Spatial localization data:
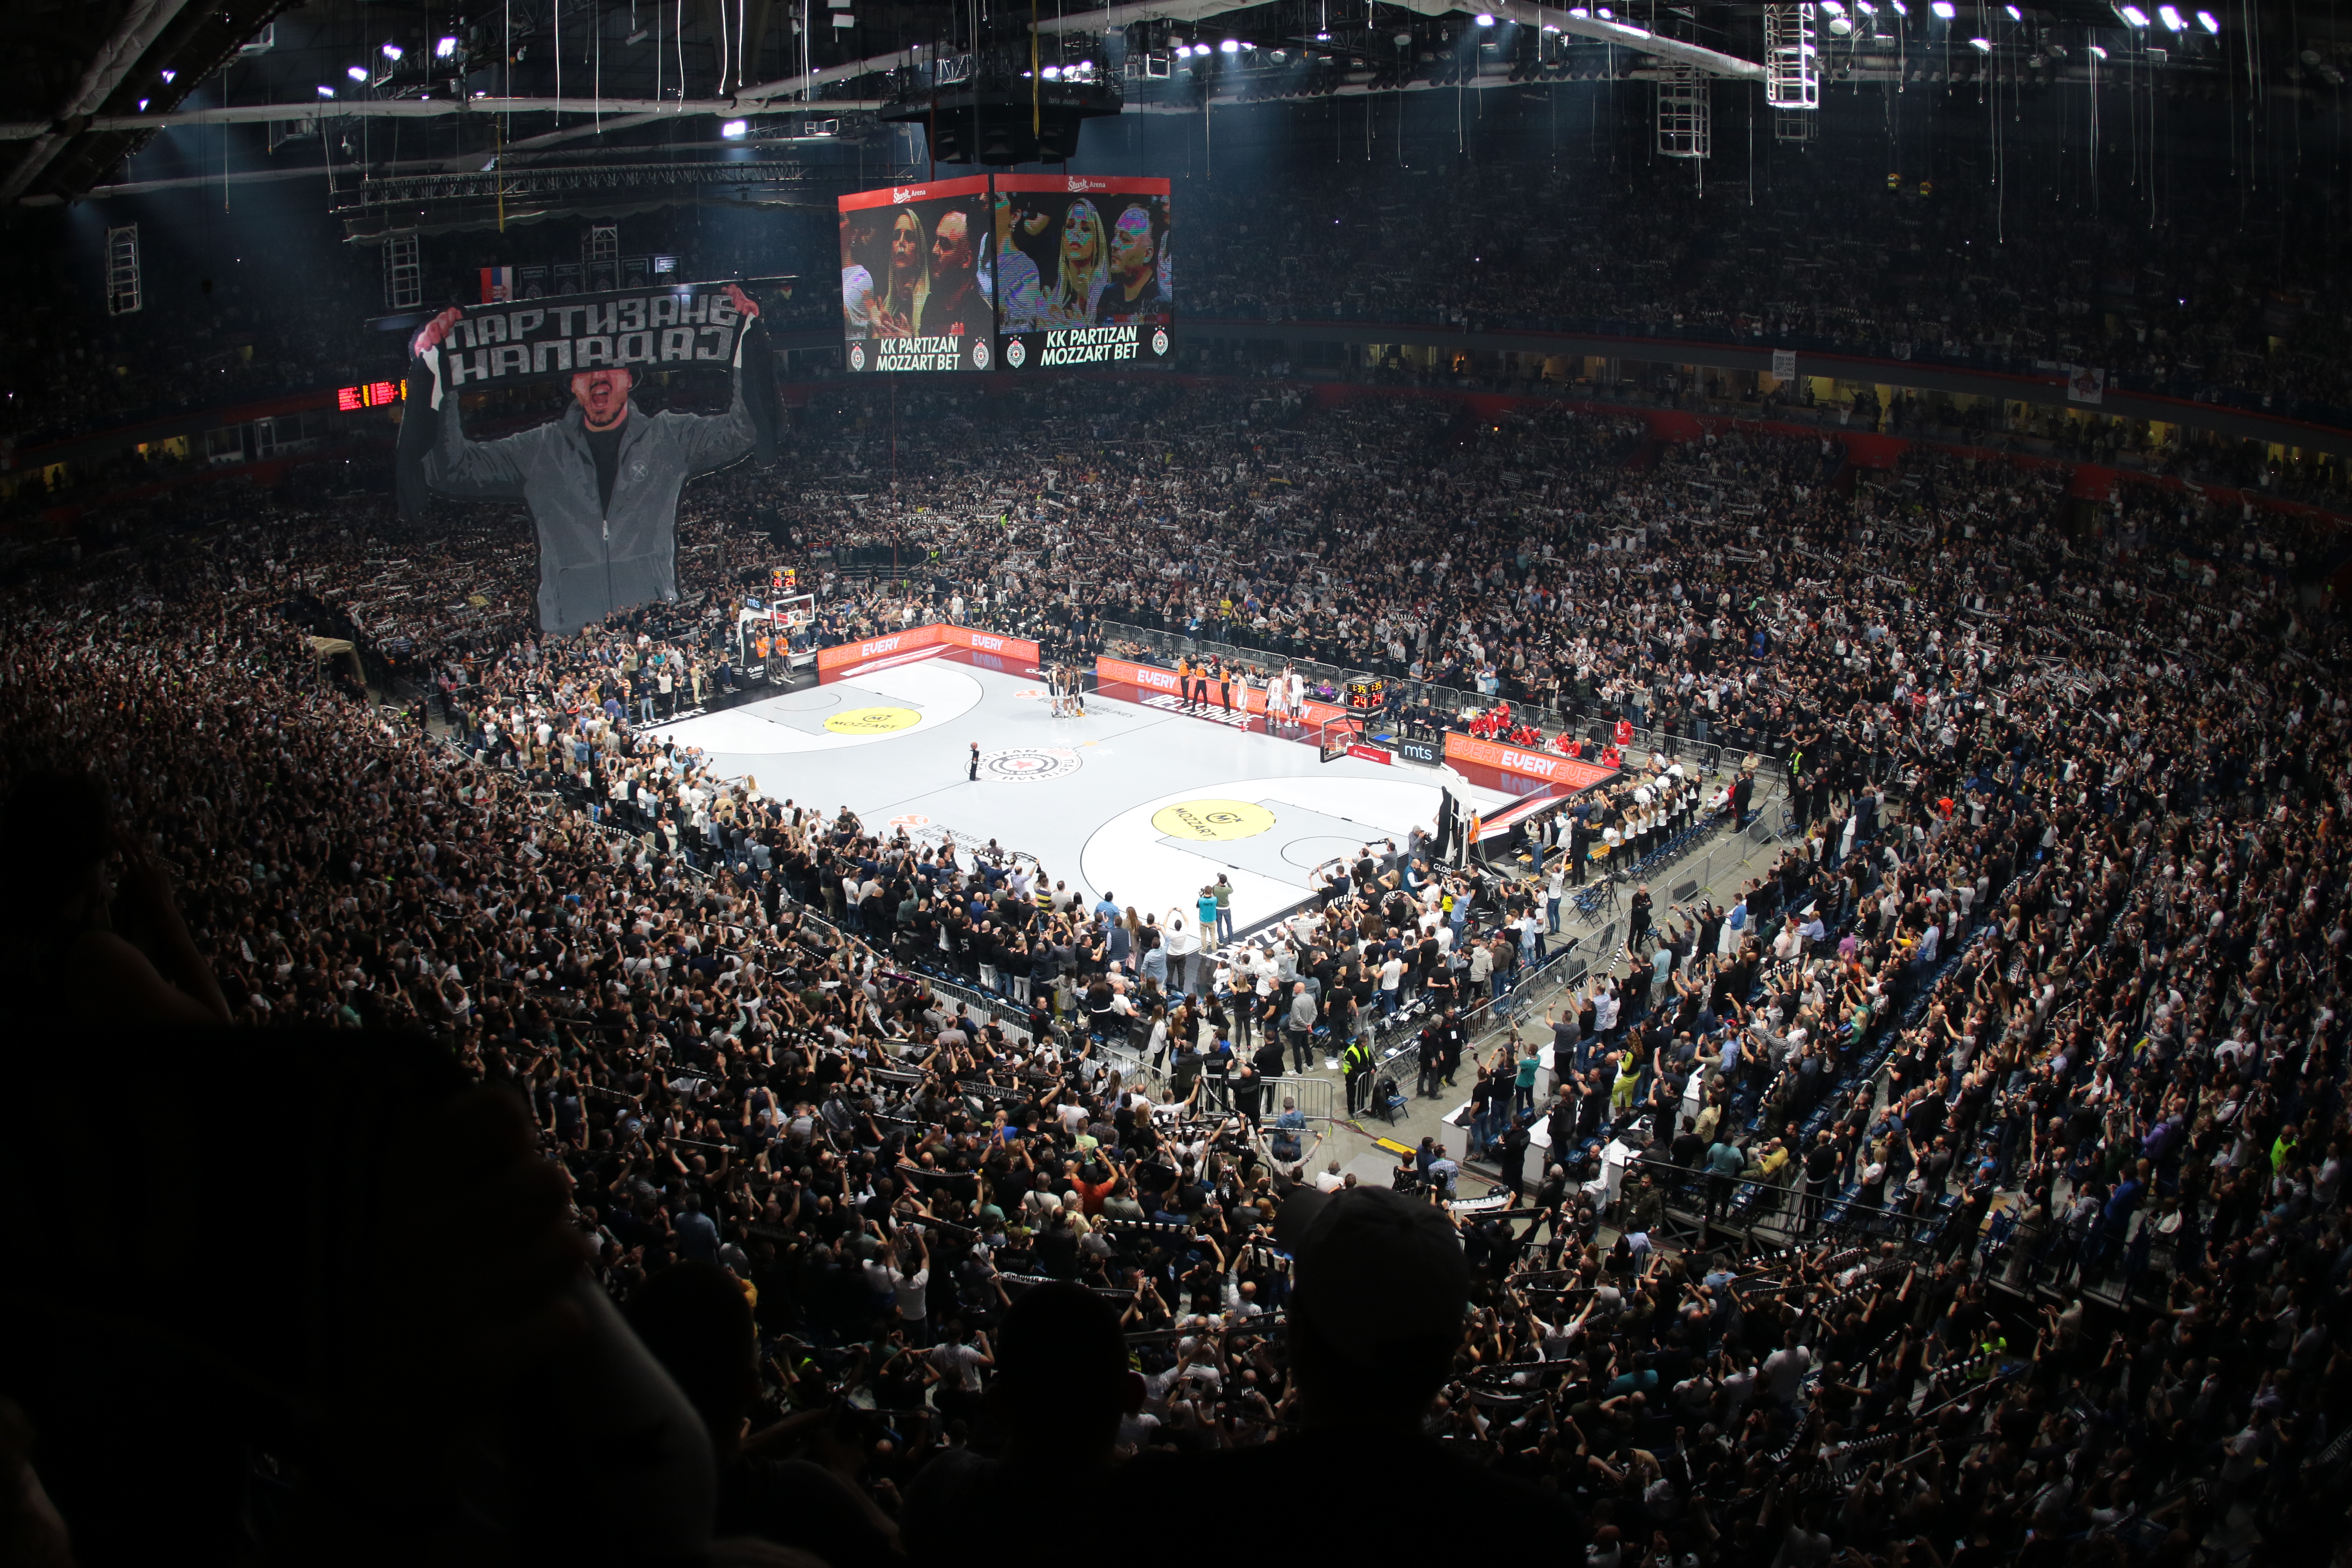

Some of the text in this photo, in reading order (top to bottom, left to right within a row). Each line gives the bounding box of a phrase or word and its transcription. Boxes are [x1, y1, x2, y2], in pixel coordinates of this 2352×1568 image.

[446, 294, 738, 349] ПАРТИЗАНЕ
[881, 336, 958, 354] KK PARTIZAN
[1046, 330, 1067, 348] KK
[1069, 325, 1137, 346] PARTIZAN
[449, 326, 733, 386] НАПАДАЈ
[876, 354, 935, 371] MOZZART
[937, 354, 961, 371] BET
[1041, 344, 1112, 366] MOZZART
[1114, 342, 1139, 360] BET
[774, 579, 781, 587] 24
[785, 577, 795, 586] 24
[747, 598, 760, 608] mts
[822, 645, 863, 666] EVERY
[861, 636, 900, 657] EVERY
[900, 628, 937, 648] EVERY
[943, 628, 1036, 658] EVERY EVERY EVERY
[1100, 661, 1139, 681] EVERY
[1137, 669, 1177, 689] EVERY
[1353, 684, 1366, 694] 1:35
[1372, 681, 1382, 691] 1:35
[1354, 695, 1366, 708] 24
[1372, 693, 1382, 706] 24
[1091, 705, 1136, 718] AIRLINES
[1404, 744, 1433, 760] mts
[1449, 738, 1504, 763] EVERY
[1501, 750, 1558, 776] EVERY
[1172, 808, 1217, 836] MOZZART
[931, 824, 983, 845] TURKISH
[1433, 863, 1456, 874] GLOB

- [What is being asked]: Only an exact, picture-free copy of the entries counts as the answer.

- [Written response]:
Some of the text in this photo, in reading order (top to bottom, left to right within a row). Each line gives the bounding box of a phrase or word and its transcription. Boxes are [x1, y1, x2, y2], in pixel coordinates of this 2352×1568 image.

[446, 294, 738, 349] ПАРТИЗАНЕ
[881, 336, 958, 354] KK PARTIZAN
[1046, 330, 1067, 348] KK
[1069, 325, 1137, 346] PARTIZAN
[449, 326, 733, 386] НАПАДАЈ
[876, 354, 935, 371] MOZZART
[937, 354, 961, 371] BET
[1041, 344, 1112, 366] MOZZART
[1114, 342, 1139, 360] BET
[774, 579, 781, 587] 24
[785, 577, 795, 586] 24
[747, 598, 760, 608] mts
[822, 645, 863, 666] EVERY
[861, 636, 900, 657] EVERY
[900, 628, 937, 648] EVERY
[943, 628, 1036, 658] EVERY EVERY EVERY
[1100, 661, 1139, 681] EVERY
[1137, 669, 1177, 689] EVERY
[1353, 684, 1366, 694] 1:35
[1372, 681, 1382, 691] 1:35
[1354, 695, 1366, 708] 24
[1372, 693, 1382, 706] 24
[1091, 705, 1136, 718] AIRLINES
[1404, 744, 1433, 760] mts
[1449, 738, 1504, 763] EVERY
[1501, 750, 1558, 776] EVERY
[1172, 808, 1217, 836] MOZZART
[931, 824, 983, 845] TURKISH
[1433, 863, 1456, 874] GLOB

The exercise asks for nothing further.